The combination of mechanisms which underlie mechanical adaptation are even today little understood. The wide range of physical stimuli to which cells may be subjected, as well as the diversity of biological responses and the possible interactions between the different types of cells involved in the process increase exponentially the complexity of studying the mechanisms involved. The use of animal models has helped advance understanding of the mechanobiology, although on occasion the results are difficult to interpret, mainly due to the impossibility of isolating other biophysical components of the load applied, or because of the difficulty in the choice of an appropriate mechanical stimulus. There have been various advances in this field achieved through the use of in vitro techniques, since these provide greater control of the different factors which may have an influence on the response. However, these experiments eliminate the natural environment of the bone in which the mechanosensory cells are found. It seems, therefore, that it will be necessary to approach its study from various experimental angles, combining the investigation of individual molecules in certain types of cells, with functional studies in animals. Although not mentioned earlier, since it was not the objective of this review, it is nevertheless important to take into account role that muscle, and in particular the factors produced by this tissue, may have in mechanical adaptation36.
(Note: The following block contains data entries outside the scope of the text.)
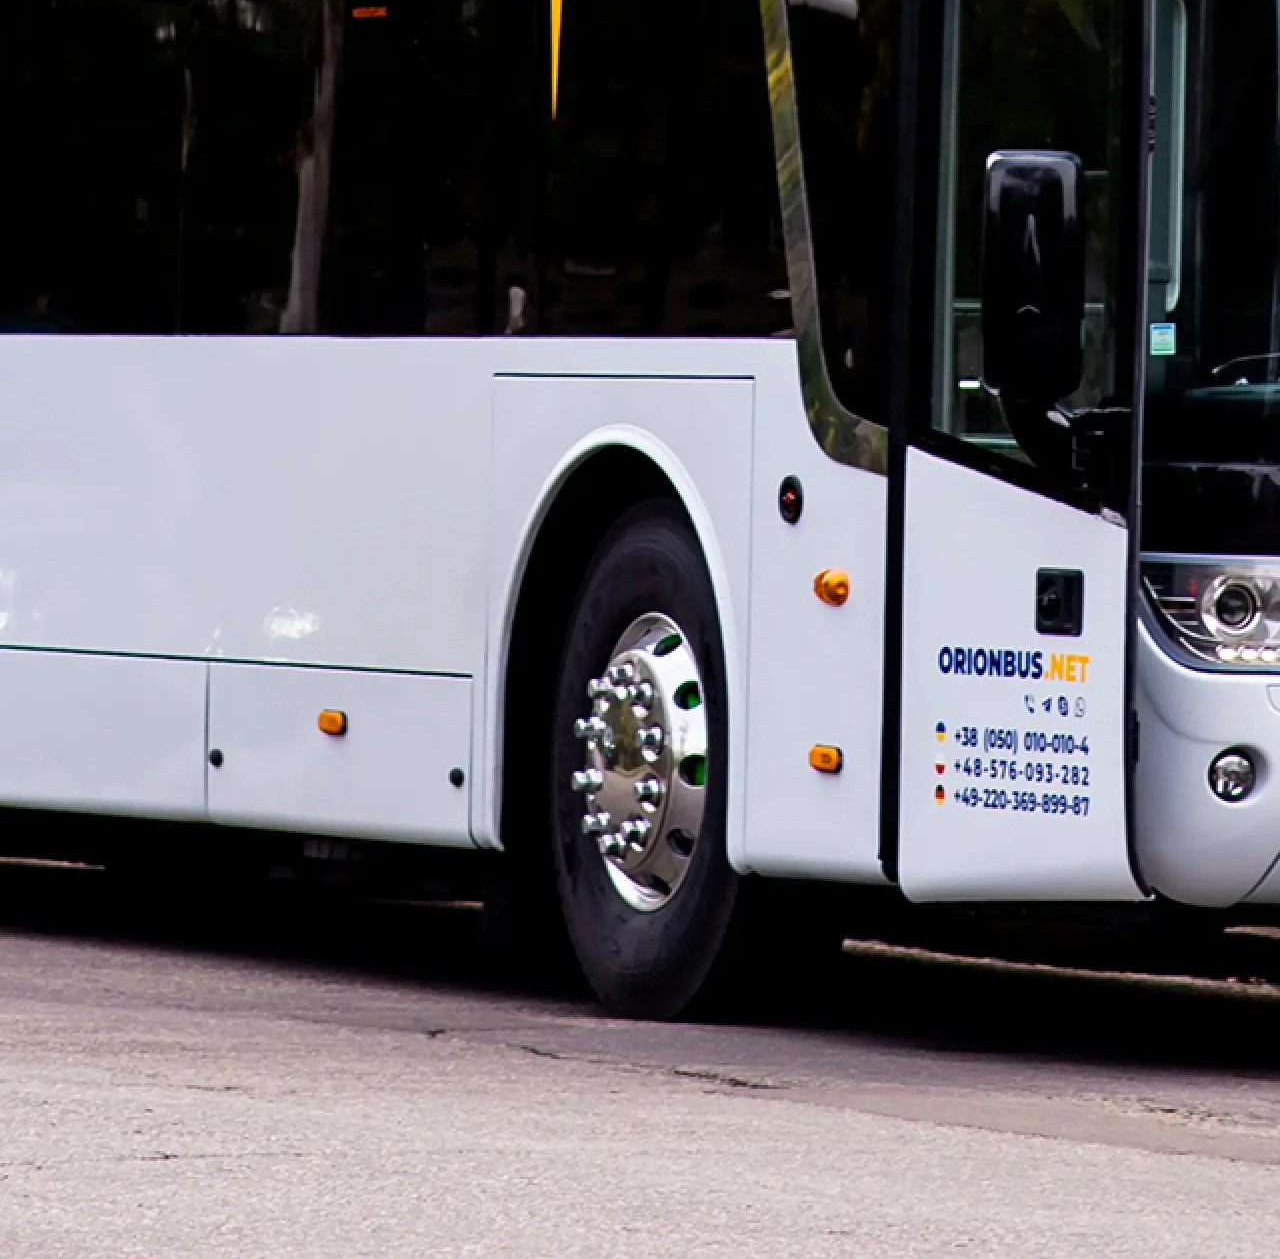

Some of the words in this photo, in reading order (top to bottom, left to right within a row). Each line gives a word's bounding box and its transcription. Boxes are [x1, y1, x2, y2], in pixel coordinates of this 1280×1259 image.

[937, 645, 1091, 683] ORIONBUS.NET
[954, 726, 978, 747] +38
[983, 727, 1019, 755] (050)
[1024, 730, 1090, 756] 010-010-4
[954, 757, 1090, 786] +48-576-093-282
There is no doubt that the study and understanding of the molecular mechanisms which regulate the capacity of bone to respond to functional demand may lead to the development of new and more effective therapeutic strategies for musculo-skeletal disorders , covering a wide range from the establishment of optimum physical exercise regimes to medicines which take advantage of the main signalling pathways involved in mechanical adaptation.
Financing: Jesus Delgado-Calle has a predoctoral fellowship IFIMAV. The authors declare no conflict of interest.